Thursday, May 17, 2012

Masyarakat Pesisir Bunaken

MASYARAKAT PESISIR BUNAKEN

 

SEJARAH KAWASAN
 


Gambar1. Bunaken

Bunaken adalah nama sebuah pulau yang terletak di mulut Teluk Manado, yang berdekatan dengan Tanjung Pisok. Pulau ini sejak awal 1980-an menjadi magnet bagi para penyelam wisata bawah laut karena keanekaragaman biota dan topografi terumbu karang yang terjal. Lambat laun, nama Bunaken diambil untuk kawasan konservasi taman nasional laut di Sulawesi Utara.

Lokasi taman nasional ini meliputi bagian utara Pulau Bunaken, Siladen, Manado Tua, Mantehage, Nain dan sekitar perairan Meras hingga Tiwoho di Pulau Sulawesi. Di bagian selatan mulai dari pantai Poopoh hingga Wawontulap. Setiap lokasi ini memiliki keunikan dan keunggulan sendiri. Awalnya, kawasan ini berada di Kota Madya Manado dan Kabupaten Minahasa. Seiring dengan perkembangan dan dampak otonomi daerah, kawasan ini telah meliputi, Kota Madya Manado, Kabupaten Minahasa (induk), Minahasa Selatan dan Minahasa Utara.

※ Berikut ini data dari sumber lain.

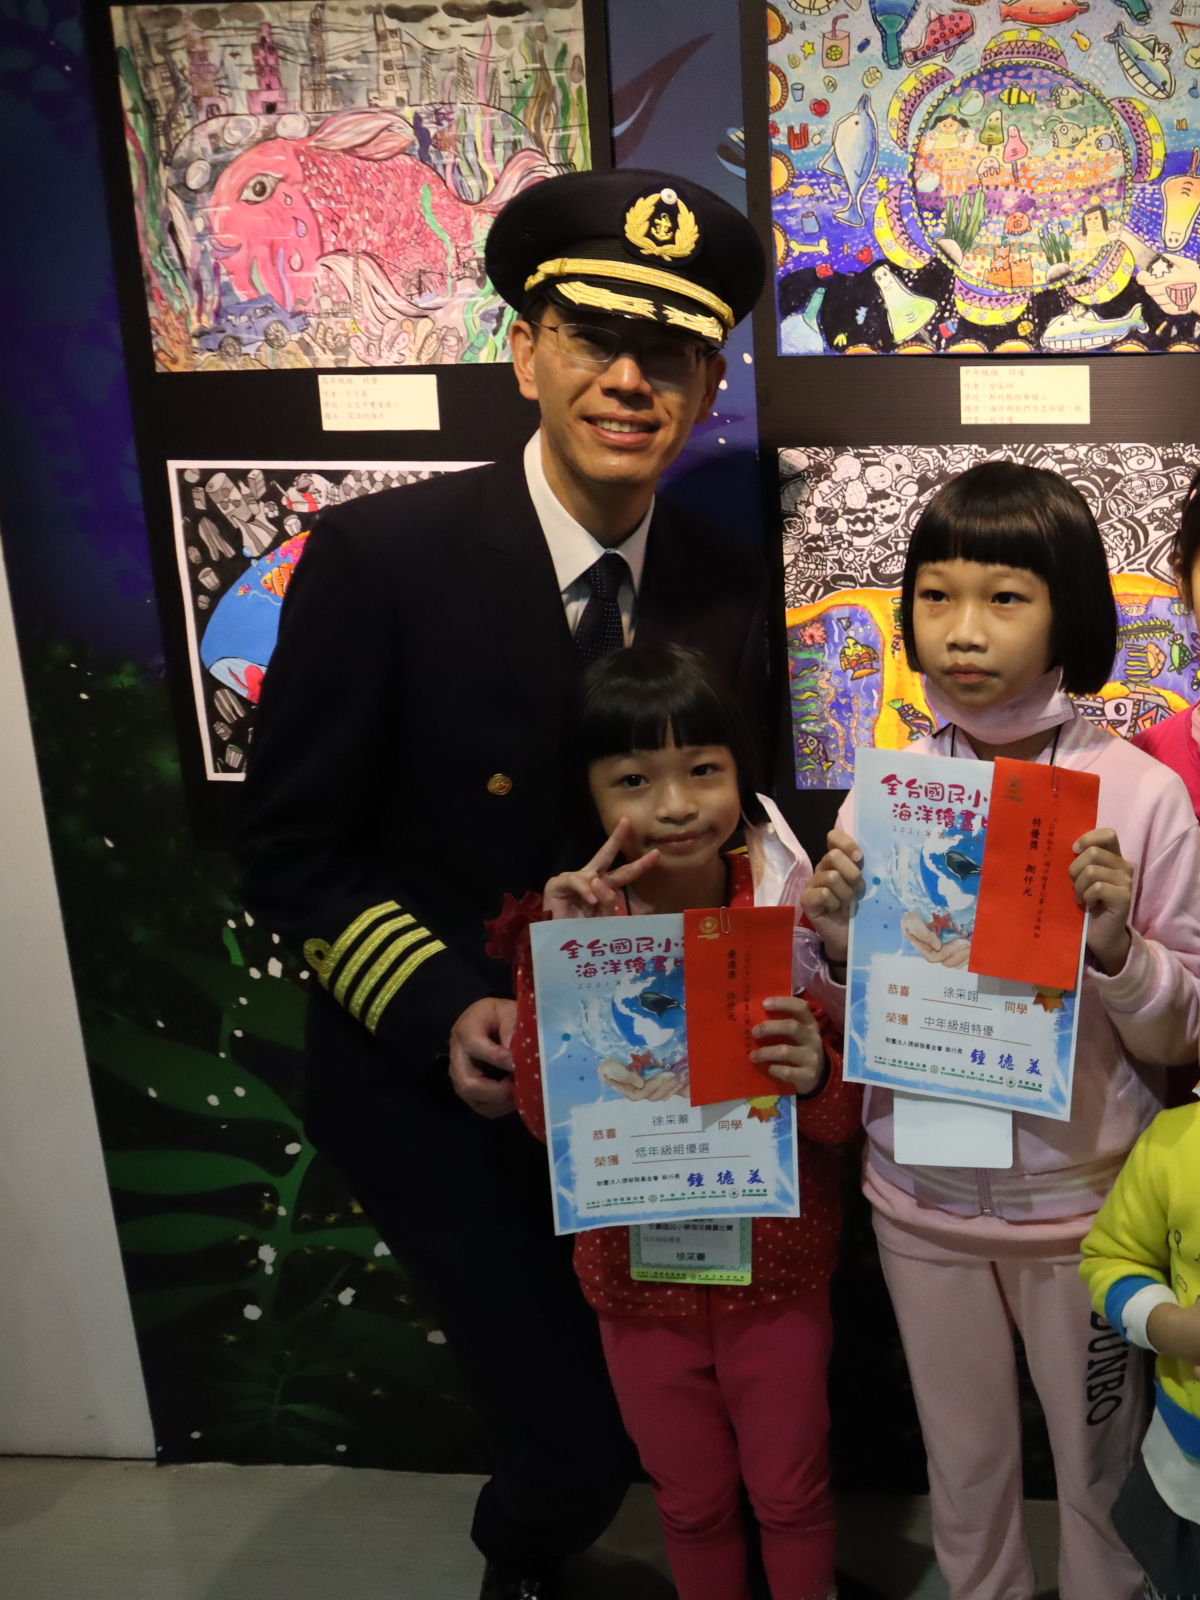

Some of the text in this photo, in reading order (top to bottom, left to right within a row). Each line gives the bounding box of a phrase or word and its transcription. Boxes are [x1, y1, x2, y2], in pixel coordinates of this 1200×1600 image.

[1022, 817, 1042, 897] 特優獎 捌仟元
[560, 936, 684, 960] 全台國民小
[887, 984, 1028, 1016] 恭喜 徐采翊 同學
[886, 1012, 994, 1038] 榮獲 中年級組特優
[592, 1128, 618, 1142] 恭喜
[718, 1119, 743, 1132] 同學
[594, 1142, 710, 1168] 榮獲 低年級組優選
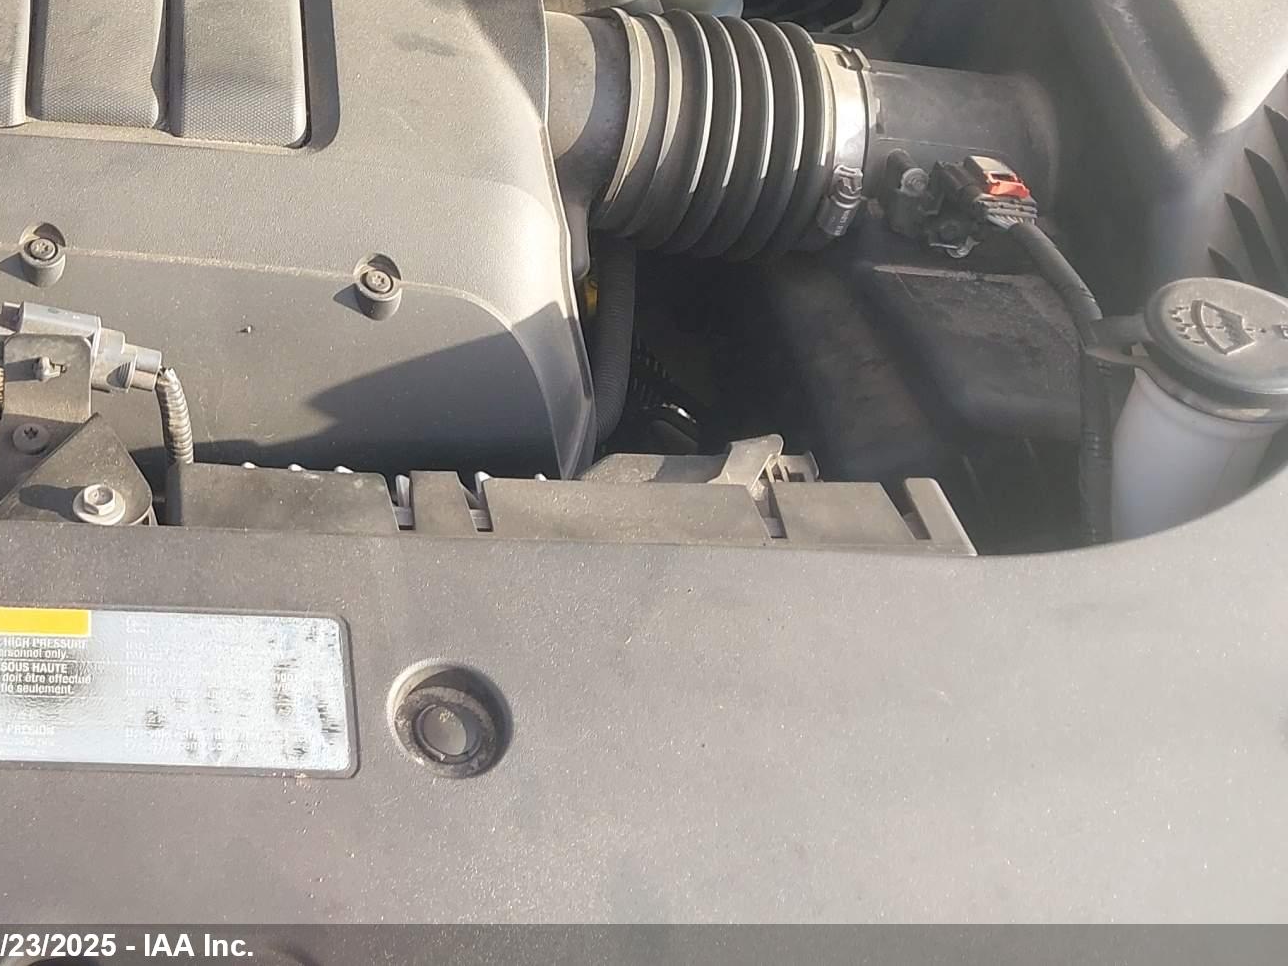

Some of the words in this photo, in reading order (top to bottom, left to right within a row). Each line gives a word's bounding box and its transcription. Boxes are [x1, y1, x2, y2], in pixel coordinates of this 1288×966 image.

[0, 662, 30, 673] SOUS
[32, 662, 68, 674] HAUTE
[2, 672, 22, 684] doit
[24, 672, 48, 684] être

Penduduk di kawasan TN Bunaken diperkirakan telah lama mendiami pulau-pulau dan pesisir Pulau Sulawesi. Ada banyak cerita perpindahan penduduk ke lokasi tersebut, terutama yang datang dari Kepulauan Sangihe dan keturunan pelaut Bajau (Bajo). Etnis Sangihe paling dominan mendiami kawasan TN Bunaken. Mereka ini kebanyakan berasal dari Pulau Siau, Kabupaten Sangihe, yang dikenal dengan gunung api Karangetang.

Sedangkan keturunan Bajo, yang sekarang ini tinggal di Pulau Nain dan pesisir Arakan (Rap-rap), diceritakan melakukan eksodus dari Gowa, Sulawesi Selatan, sekitar tahun 1698. Dengan menggunakan sembilan buah perahu, sebanyak 112 jiwa ini mulanya menetap di pesisir kampung Kima Bajo dan Talawaan Bajo. Di pesisir Minahasa, Pulau Sulawesi, ini mereka mendirikan daseng (rumah kecil dan sederhana di laut). Etnis pelaut ini juga ada yang menyebar di Burau, Kalimantan, dan Filipina. Kedatangan suku Bajo ini mencari kima (Tridacna spp) dan ikan.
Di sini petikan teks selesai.